Great post, Sam! I really love the examples you used. I’m curious about your thoughts on how to balance and manage a featureless roadmap in the B2B and enterprise space. At Instacart, we also have an enterprise business, and we work with some of the largest grocers in the U.S. A recurring challenge we face is that high-priority feature requests from major retailers often consume a significant portion of our roadmap. Currently, I’m adding buffers to account for these unknowns. What are your thoughts on other approaches?

Expand full comment

That's a good call out Wayne. The featureless roadmap is equally powerful in B2B but requires some nuanced adjustments due to the complexity of stakeholders, customer commitments, and longer sales cycles. Here's how it would change:

1. The roadmap is tightly aligned with your business objectives and internal KPIs, so your themes should focus on solving high-impact business problems, e.g. enhancing data security.

2. Enterprise customers often expect visibility into your roadmap and specific feature commitments, especially if features are part of contractual obligations.
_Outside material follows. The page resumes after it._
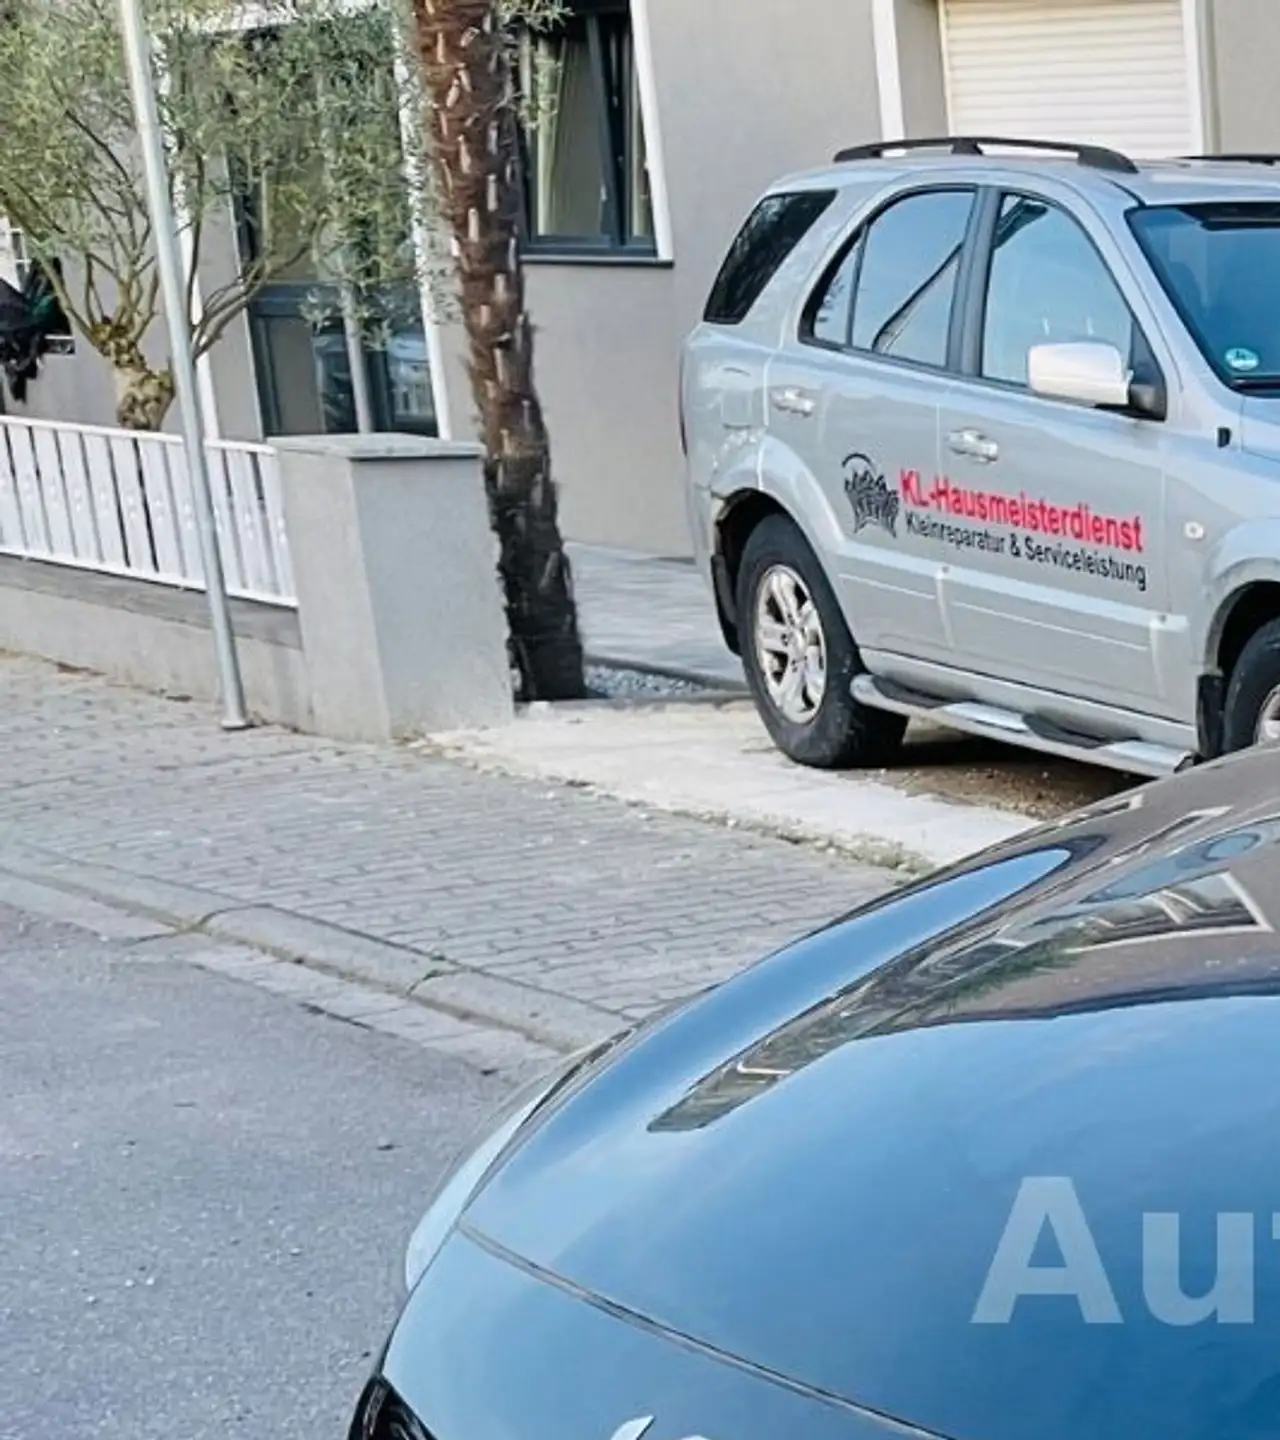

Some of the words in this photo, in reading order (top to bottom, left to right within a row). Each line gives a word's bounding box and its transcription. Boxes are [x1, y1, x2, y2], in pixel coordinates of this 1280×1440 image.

[899, 469, 1144, 553] KL-Hausmeisterdienst
[904, 510, 1005, 556] Kleinreparatur
[1010, 532, 1022, 557] &
[1025, 536, 1147, 591] Serviceleistung
So, I would frame it to communicate outcomes. E.g. instead of promising features like "custom reporting tools," align on goals like"enhance analytics capabilities" and work collaboratively with customers to determine the best ways to achieve these outcomes.
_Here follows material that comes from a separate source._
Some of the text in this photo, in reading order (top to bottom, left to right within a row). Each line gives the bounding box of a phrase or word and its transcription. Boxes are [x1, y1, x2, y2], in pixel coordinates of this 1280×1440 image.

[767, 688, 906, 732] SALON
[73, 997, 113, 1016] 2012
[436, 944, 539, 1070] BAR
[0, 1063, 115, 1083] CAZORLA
3. There are typically multiple layers of stakeholders in a B2B environment. Involving these stakeholders early in the roadmap planning process helps build buy-in for the featureless approach, ensuring everyone is aligned on strategic goals rather than micromanaging individual features.

4. The longer product cycles nature of B2B mean that outcomes need to be tracked and measured over time. A featureless roadmap enables you to pivot quickly if something isn't working, without being locked into rigid feature commitments. Themes can adapt as enterprise priorities shift, offering greater flexibility in responding to changes.

Expand full comment

Great suggestions to for product managers to take control of their outcomes!